Forzó la vista y, a lo lejos, pudo distinguir vagas siluetas. Una llevaba un enorme estandarte coronado con lo que parecía ser una cabeza humana. Entonces, desenvainó la espada.
—Según parece, han vuelto a encontrarnos —dijo, pero no obtuvo respuesta.
Los demás habían desaparecido al girar en un recodo. Se dio cuenta de que habían continuado avanzando cuando él se detuvo, y echó a correr para darles alcance.
* * * * *
Invadido por el pavor, Félix abrió los ojos, arrancado de su duermevela. Era el turno de guardia de Gotrek, pero le parecía haber oído voces fantasmagóricas. Recorrió la pequeña cámara con la mirada, y se le erizó el cabello. El latido de su corazón resonaba con fuerza, acelerado, dentro de sus oídos, y pensó que iba a desmayarse en ese mismo instante. La fuerza había abandonado por completo sus extremidades.
El extraño resplandor verdoso alumbraba la sala, y bañaba el rostro macilento del Matatrolls, confiriéndole el aspecto de un horrible zombi. La sombra de Gotrek se encumbraba enorme y amenazadora contra la pared, y la entidad de la que emanaba la luz se encontraba de rodillas ante él, con los brazos abiertos en actitud implorante. Se trataba del fantasma de alguna enana ancestral.
Era insustancial y, sin embargo, tenía la presencia de las edades, como si fuese una manifestación de tiempos remotos hecha realidad. Los atuendos eran regios, y su rostro había poseído autoridad en otra época. Las mejillas parecían hundidas; daba la impresión de que la carne se le había desprendido y estaba llena de agujeros, como cribada por gusanos. Los ojos, que se ocultaban bajo cejas muy arqueadas, eran charcos umbríos, en los que ardía una luz de bruja. Félix tuvo la sensación de que al fantasma lo devoraba alguna enfermedad del otro mundo: un cáncer del espíritu.

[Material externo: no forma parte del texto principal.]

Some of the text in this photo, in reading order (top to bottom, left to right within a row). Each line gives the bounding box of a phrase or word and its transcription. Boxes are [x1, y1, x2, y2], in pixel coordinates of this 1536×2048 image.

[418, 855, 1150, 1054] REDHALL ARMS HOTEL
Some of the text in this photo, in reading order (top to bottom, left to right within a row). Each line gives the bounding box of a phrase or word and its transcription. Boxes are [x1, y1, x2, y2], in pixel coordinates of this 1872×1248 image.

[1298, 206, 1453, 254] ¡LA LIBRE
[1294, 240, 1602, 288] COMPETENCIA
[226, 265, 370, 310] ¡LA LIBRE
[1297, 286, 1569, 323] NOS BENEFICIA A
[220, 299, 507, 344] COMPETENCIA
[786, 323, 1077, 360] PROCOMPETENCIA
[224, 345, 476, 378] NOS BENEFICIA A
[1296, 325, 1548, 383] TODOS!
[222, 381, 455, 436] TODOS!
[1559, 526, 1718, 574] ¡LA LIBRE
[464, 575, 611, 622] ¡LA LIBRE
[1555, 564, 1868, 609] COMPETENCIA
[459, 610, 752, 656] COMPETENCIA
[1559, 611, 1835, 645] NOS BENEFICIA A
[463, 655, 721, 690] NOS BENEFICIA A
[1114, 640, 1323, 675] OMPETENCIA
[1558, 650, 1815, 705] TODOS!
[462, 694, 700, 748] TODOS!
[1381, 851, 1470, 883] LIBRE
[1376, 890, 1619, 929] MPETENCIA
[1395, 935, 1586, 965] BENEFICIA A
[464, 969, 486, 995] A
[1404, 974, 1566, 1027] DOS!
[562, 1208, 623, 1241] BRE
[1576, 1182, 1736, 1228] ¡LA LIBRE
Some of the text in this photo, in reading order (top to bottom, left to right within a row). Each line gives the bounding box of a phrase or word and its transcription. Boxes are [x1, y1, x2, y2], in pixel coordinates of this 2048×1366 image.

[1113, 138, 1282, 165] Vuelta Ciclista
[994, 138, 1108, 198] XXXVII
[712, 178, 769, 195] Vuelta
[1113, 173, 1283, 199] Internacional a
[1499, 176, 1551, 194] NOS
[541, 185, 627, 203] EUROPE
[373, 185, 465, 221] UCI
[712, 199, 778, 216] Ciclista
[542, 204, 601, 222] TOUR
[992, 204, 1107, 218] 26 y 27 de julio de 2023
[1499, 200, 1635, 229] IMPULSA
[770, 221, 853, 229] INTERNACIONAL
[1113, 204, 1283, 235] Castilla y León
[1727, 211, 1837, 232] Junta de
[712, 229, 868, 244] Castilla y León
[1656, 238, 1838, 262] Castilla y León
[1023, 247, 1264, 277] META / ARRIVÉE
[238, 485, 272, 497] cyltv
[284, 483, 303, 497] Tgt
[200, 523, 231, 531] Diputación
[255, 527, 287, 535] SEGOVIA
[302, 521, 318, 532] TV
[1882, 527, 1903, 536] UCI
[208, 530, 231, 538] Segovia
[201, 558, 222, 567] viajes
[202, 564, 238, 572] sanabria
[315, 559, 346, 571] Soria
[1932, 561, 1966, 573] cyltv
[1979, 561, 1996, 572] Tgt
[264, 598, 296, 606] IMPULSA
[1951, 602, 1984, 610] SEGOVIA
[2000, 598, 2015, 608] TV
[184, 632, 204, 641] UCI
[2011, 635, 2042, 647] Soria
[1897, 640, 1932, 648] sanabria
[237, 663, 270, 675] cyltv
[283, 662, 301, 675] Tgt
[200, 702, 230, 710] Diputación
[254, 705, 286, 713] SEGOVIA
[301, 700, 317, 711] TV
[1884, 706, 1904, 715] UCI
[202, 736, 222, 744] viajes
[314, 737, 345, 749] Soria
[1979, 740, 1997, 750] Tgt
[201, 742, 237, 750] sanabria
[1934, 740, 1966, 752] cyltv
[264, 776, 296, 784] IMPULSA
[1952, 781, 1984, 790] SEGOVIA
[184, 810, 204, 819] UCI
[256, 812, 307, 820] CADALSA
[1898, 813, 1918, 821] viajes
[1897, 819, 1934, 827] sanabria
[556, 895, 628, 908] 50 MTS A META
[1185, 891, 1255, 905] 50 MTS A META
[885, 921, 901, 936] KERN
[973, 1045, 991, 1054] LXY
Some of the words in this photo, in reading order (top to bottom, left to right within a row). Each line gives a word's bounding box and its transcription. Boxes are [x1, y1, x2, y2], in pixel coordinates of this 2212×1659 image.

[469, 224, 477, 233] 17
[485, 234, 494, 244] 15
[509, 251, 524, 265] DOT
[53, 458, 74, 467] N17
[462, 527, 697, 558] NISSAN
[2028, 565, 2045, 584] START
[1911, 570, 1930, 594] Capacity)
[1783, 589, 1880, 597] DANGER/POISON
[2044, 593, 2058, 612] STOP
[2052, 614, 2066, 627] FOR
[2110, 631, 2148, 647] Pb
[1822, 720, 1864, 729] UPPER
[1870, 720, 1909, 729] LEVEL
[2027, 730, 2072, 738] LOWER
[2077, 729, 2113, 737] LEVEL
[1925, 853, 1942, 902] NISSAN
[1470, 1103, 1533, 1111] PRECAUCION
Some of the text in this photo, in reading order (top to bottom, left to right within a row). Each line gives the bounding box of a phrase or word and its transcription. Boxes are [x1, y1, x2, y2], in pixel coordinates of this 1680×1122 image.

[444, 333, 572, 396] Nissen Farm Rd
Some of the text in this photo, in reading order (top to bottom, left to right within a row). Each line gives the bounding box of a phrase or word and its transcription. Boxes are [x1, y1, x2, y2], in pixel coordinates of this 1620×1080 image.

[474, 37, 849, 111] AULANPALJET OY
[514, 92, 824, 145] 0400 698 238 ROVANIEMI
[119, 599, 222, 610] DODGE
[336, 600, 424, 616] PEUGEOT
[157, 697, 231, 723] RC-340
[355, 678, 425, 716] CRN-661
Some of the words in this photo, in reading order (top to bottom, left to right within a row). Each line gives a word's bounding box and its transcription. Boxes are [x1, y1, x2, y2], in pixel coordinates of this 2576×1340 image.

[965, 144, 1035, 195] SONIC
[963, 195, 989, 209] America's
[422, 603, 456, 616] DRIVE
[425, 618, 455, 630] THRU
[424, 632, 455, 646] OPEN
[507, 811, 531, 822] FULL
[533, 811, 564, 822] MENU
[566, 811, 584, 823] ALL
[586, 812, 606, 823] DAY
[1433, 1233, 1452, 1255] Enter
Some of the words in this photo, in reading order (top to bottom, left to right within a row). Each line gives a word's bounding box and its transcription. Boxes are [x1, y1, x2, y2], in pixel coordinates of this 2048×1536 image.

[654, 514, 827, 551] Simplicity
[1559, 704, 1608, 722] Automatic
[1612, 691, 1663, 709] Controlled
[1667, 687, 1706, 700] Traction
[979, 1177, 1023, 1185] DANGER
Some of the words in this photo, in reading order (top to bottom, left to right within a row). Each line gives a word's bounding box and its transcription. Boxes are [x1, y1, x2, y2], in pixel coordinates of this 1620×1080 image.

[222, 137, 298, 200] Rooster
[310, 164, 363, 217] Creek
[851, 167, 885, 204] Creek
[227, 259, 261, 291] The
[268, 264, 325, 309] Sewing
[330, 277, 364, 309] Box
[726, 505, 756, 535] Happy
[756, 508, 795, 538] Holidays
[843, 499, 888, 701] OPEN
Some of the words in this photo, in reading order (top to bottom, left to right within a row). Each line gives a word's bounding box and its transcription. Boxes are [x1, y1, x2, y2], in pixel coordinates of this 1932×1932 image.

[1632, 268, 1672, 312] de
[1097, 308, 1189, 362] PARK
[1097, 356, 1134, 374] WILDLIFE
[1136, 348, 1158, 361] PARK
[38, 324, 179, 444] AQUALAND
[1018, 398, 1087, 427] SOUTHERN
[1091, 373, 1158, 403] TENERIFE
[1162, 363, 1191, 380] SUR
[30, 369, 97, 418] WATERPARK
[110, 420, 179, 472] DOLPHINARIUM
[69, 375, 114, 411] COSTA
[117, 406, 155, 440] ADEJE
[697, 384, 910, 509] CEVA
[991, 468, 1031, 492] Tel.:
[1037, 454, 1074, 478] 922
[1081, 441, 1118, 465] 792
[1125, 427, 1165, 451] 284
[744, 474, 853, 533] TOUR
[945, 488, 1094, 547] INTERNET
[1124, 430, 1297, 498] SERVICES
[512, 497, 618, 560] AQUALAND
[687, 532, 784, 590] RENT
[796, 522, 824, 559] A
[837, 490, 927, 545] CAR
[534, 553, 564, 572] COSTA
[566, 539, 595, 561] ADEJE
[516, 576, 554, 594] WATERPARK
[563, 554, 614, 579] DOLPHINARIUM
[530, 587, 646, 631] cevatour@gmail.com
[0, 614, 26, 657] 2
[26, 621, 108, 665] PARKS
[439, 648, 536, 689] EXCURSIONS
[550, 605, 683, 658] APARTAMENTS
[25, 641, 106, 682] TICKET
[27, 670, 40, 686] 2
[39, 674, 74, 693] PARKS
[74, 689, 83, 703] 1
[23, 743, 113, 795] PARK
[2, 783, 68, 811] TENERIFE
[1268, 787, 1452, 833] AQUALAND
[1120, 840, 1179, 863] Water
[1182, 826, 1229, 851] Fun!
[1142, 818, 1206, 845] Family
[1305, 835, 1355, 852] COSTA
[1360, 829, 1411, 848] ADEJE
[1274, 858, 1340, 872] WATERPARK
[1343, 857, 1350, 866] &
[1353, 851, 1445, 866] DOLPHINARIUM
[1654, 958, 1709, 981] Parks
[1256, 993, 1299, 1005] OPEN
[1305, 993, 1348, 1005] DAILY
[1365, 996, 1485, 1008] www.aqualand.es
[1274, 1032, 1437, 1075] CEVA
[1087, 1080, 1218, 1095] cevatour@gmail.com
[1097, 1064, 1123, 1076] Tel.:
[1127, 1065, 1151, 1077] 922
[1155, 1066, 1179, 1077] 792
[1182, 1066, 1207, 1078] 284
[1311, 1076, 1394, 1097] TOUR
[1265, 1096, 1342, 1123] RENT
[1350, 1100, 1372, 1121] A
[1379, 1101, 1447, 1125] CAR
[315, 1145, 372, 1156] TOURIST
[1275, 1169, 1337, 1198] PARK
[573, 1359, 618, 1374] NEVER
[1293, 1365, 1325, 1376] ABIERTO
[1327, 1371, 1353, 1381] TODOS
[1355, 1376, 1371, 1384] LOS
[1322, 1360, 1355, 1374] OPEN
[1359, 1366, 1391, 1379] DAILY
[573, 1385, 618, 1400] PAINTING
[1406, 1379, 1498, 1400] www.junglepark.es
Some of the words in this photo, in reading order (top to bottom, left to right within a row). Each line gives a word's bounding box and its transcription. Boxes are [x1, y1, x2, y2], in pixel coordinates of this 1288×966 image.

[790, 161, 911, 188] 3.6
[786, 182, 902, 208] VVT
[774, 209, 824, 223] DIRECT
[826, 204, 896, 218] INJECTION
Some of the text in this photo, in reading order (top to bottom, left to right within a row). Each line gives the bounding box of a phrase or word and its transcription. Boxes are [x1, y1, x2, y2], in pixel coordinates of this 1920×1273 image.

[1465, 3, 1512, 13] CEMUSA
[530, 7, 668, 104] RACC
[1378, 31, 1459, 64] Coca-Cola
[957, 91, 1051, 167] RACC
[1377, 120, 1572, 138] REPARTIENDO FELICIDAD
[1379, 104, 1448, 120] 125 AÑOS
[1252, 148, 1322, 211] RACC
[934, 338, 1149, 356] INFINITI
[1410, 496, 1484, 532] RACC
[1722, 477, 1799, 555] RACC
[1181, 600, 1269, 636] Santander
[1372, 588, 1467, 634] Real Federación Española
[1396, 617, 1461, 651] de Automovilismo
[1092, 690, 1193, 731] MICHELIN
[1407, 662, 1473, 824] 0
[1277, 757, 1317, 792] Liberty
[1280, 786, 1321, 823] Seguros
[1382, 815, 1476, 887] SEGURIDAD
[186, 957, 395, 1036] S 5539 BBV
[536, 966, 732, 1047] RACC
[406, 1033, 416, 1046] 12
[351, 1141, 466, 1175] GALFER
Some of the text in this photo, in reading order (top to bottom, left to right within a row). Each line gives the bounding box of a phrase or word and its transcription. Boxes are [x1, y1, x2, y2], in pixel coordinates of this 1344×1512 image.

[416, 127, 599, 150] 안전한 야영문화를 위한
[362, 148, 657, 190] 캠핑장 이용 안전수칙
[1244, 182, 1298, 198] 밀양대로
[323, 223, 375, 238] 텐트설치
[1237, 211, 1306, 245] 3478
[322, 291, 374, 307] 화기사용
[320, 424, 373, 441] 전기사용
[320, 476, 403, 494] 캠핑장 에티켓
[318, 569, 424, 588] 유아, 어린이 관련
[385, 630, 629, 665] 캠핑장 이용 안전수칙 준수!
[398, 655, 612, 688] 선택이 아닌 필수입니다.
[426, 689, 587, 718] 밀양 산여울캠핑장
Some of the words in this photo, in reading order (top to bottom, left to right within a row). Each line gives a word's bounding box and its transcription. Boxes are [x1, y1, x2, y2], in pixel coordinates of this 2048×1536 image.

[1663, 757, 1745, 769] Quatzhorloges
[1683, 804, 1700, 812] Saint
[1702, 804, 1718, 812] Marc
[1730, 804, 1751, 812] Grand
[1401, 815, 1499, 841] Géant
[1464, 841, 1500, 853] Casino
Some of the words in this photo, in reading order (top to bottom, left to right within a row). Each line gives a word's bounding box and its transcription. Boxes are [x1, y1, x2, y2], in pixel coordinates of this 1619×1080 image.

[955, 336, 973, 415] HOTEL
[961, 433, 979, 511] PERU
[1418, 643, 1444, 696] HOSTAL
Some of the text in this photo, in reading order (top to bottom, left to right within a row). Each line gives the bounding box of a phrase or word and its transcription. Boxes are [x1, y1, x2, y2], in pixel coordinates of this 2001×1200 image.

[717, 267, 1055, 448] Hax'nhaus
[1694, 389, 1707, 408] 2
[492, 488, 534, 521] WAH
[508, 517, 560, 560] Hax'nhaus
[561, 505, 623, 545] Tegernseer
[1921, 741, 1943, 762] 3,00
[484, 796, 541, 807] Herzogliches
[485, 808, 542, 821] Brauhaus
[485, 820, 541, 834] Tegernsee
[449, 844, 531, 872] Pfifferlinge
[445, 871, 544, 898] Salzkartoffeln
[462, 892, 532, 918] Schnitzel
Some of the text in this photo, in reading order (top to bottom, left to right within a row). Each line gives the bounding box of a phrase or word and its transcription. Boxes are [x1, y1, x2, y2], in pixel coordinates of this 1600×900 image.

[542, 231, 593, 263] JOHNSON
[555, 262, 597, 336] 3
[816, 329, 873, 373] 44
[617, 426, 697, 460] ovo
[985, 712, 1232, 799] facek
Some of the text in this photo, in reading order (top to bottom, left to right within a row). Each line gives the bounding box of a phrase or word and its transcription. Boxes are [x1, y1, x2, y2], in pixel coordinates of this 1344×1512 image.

La apariencia de aquel ser llenó de terror al poeta, y al experimentarlo aún se intensificó más su miedo; había cosas que aguardaban más allá de la tumba, de las que ni siquiera la muerte servía para escapar. Los poderes siniestros podían apoderarse de un alma y atormentarla. Félix siempre había temido a la muerte, pero en ese momento se daba cuenta de que había cosas peores. Se sentía al límite de la cordura y deseaba la demencia como liberación de ese terrible conocimiento.
Cerca de él, Jules Gascoigne gimoteaba como un niño sumido en una pesadilla. El poeta intentó apartar los ojos de la escena que se representaba ante él, pero no pudo hacerlo; lo dominaba un impulso poderoso, pues se sentía horriblemente fascinado por el enfrentamiento.
Gotrek alzó el hacha y la situó entre sí mismo y el atormentado espíritu. ¿Era acaso producto de su imaginación, se preguntó el poeta, o las runas que había grabadas en la enorme hoja relumbraban con fuego interior?
—Aléjate, abominación —dijo el Matatrolls con voz áspera, apenas más audible que un susurro—. Márchate; yo aún estoy entre los vivos.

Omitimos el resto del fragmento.